The NIST Neutron Imaging Facility (NNIF) at the NIST Center for Neutron Research is one of the most advanced neutron imaging facilities in the world and it is the best of its kind in the USA.
The NIST Neutron Imaging Facility (NNIF) at the NIST Center for Neutron Research (see figure 1) is one of the most advanced neutron imaging facilities in the world and it is the best of its kind in the USA. The facility is a national user facility that provides extensive infrastructure for performing fuel cell experiments as well as world class neutron radiography facilities to groups from industry, national laboratories and universities; in 2009 there were users from 21 individual institutions and in 2010 there were users from 14 individual institutions. These groups compete for beam time through a competitive external peer review process. The topics being studied at the facility have expanded significantly. The facility uses cover a diverse set of topics that include the following: Fuel Cells, Hydrogen Storage Beds, Batteries, Biology, Geology, Heat Pipes, Industrial proprietary and Neutron Imaging Methods and Devices Development.

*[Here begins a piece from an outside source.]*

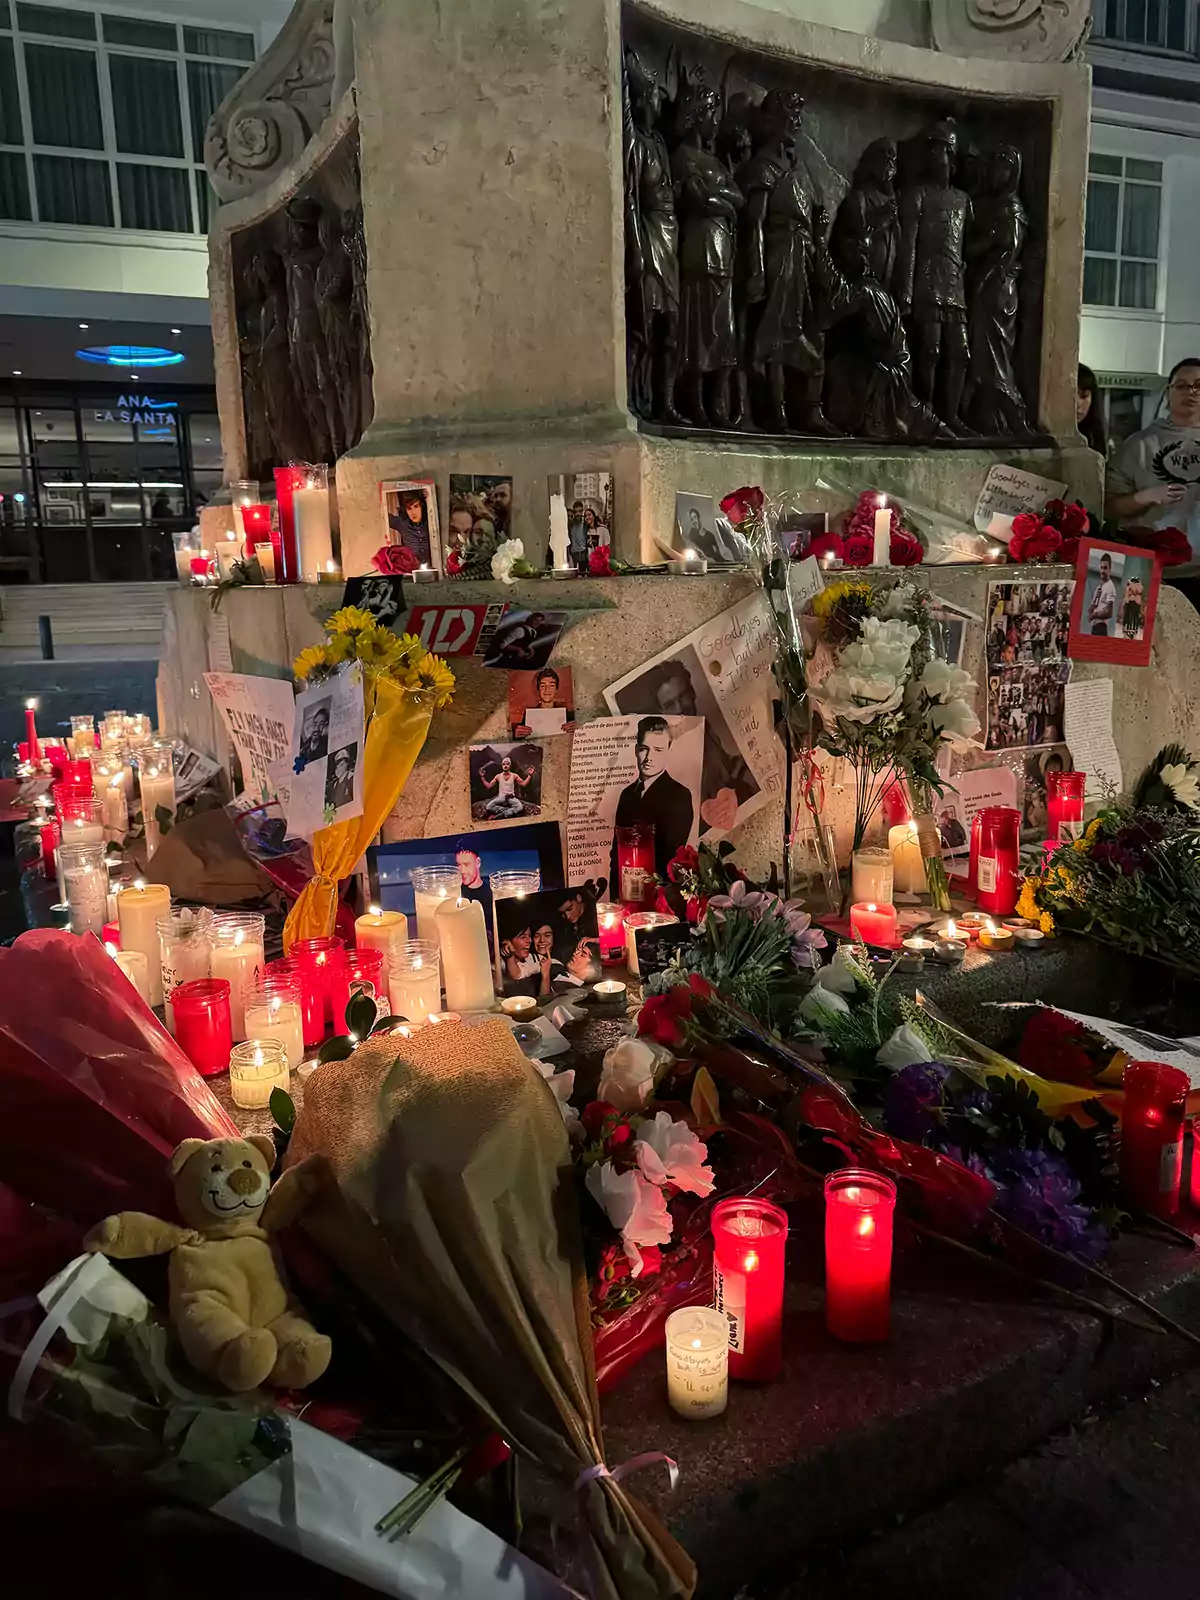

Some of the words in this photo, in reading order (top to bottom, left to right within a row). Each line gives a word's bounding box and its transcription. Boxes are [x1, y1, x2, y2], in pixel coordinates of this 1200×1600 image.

On average facility users spend five days to setup and carry out experiments at the facility. The facility staff train, assist and collaborate scientifically with the users providing all the needed assistance and expertise to utilize the neutron radiography technique effectively in their research. Facility users are trained in radiation safety as well as using software written by NNIF scientists for analyzing image data. Users of the facility have access as well to dedicated expert technicians to setup and assemble mechanical equipment used in experiments. There have been over 40 published peer reviewed journal articles and/or conference presentations on the research performed at the facility in the last two years so far. This facility allows industrial/academic researchers to study systems using the most advanced neutron radiography capabilities, and there have been some recent facility updates that are notable improvements and accomplishments. These include the development of a 10 micrometer resolution detector (see figure 2) as a standard capability for imaging fuel cells, and electro-impedance spectroscopy. An ongoing partnership and collaboration between General Motors and NIST has resulted in an exciting use of neutron imaging to visualize the operation of fuel cells and lithium-ion batteries for automotive vehicle applications. Neutron imaging is an ideal method for visualizing both hydrogen and lithium, the fuel of electric vehicles engines. With a newly developed 10 micrometer spatial resolution detector, studies of the transport phenomena from the anode to the cathode in fuel cells and batteries have been conducted. These unique, fundamental measurements, provide valuable material characterizations that will help improve the performance, increase the reliability, and reduce the time to market introduction of the next generation electric car engines.